Beginning with the first entry, restate the data word for word and leave out the images.

= = = = = = =

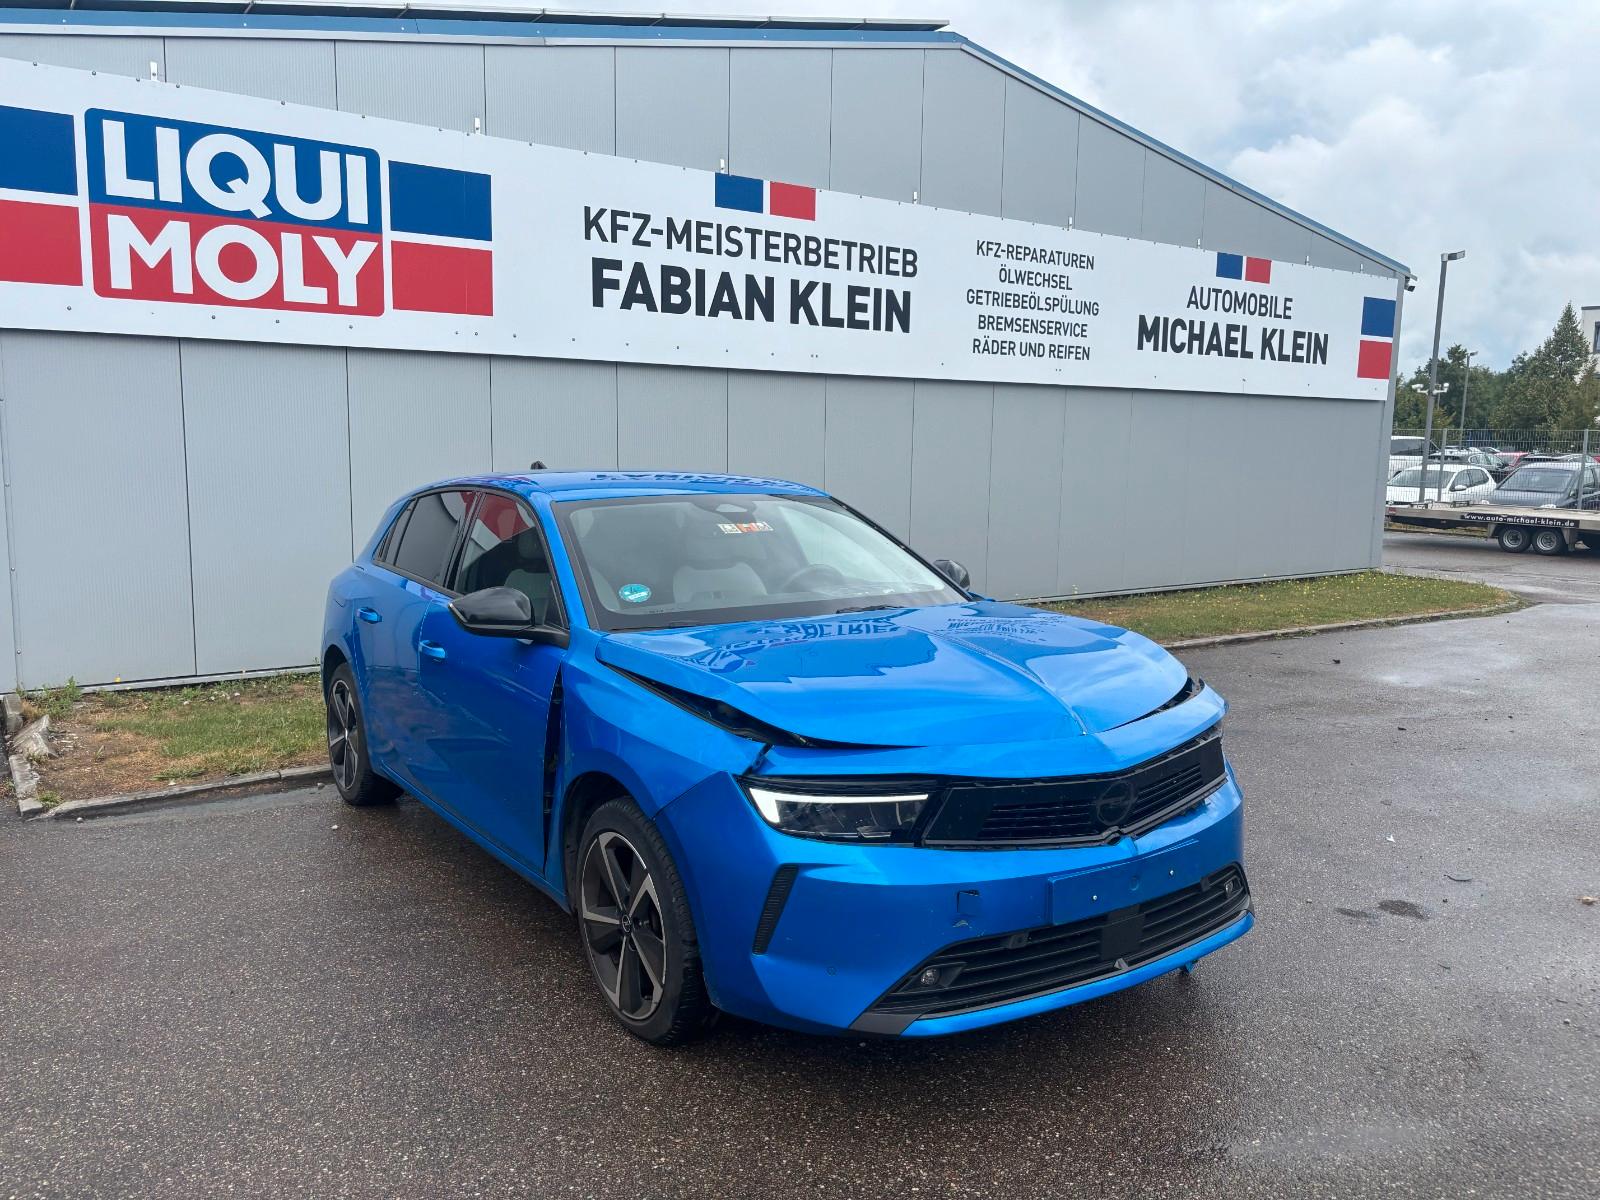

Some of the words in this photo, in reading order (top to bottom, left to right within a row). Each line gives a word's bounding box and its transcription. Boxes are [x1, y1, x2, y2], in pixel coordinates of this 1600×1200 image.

[103, 119, 369, 224] LIQUI
[584, 206, 918, 278] KFZ-MEISTERBETRIEB
[976, 239, 1095, 270] KFZ-REPARATUREN
[107, 214, 378, 307] MOLY
[999, 264, 1072, 290] ÖLWECHSEL
[592, 257, 775, 323] FABIAN
[790, 278, 911, 333] KLEIN
[966, 289, 1100, 316] GETRIEBEÖLSPÜLUNG
[1187, 285, 1293, 320] AUTOMOBILE
[978, 314, 1088, 338] BREMSENSERVICE
[1137, 314, 1254, 360] MICHAEL
[1260, 327, 1329, 365] KLEIN
[972, 335, 1016, 356] RÄDER
[1019, 341, 1045, 358] UND
[1048, 343, 1091, 361] REIFEN

= = = = = = =

▶ RESULT FOR THIS EXERCISE
Some of the words in this photo, in reading order (top to bottom, left to right within a row). Each line gives a word's bounding box and its transcription. Boxes are [x1, y1, x2, y2], in pixel coordinates of this 1600×1200 image.

[103, 119, 369, 224] LIQUI
[584, 206, 918, 278] KFZ-MEISTERBETRIEB
[976, 239, 1095, 270] KFZ-REPARATUREN
[107, 214, 378, 307] MOLY
[999, 264, 1072, 290] ÖLWECHSEL
[592, 257, 775, 323] FABIAN
[790, 278, 911, 333] KLEIN
[966, 289, 1100, 316] GETRIEBEÖLSPÜLUNG
[1187, 285, 1293, 320] AUTOMOBILE
[978, 314, 1088, 338] BREMSENSERVICE
[1137, 314, 1254, 360] MICHAEL
[1260, 327, 1329, 365] KLEIN
[972, 335, 1016, 356] RÄDER
[1019, 341, 1045, 358] UND
[1048, 343, 1091, 361] REIFEN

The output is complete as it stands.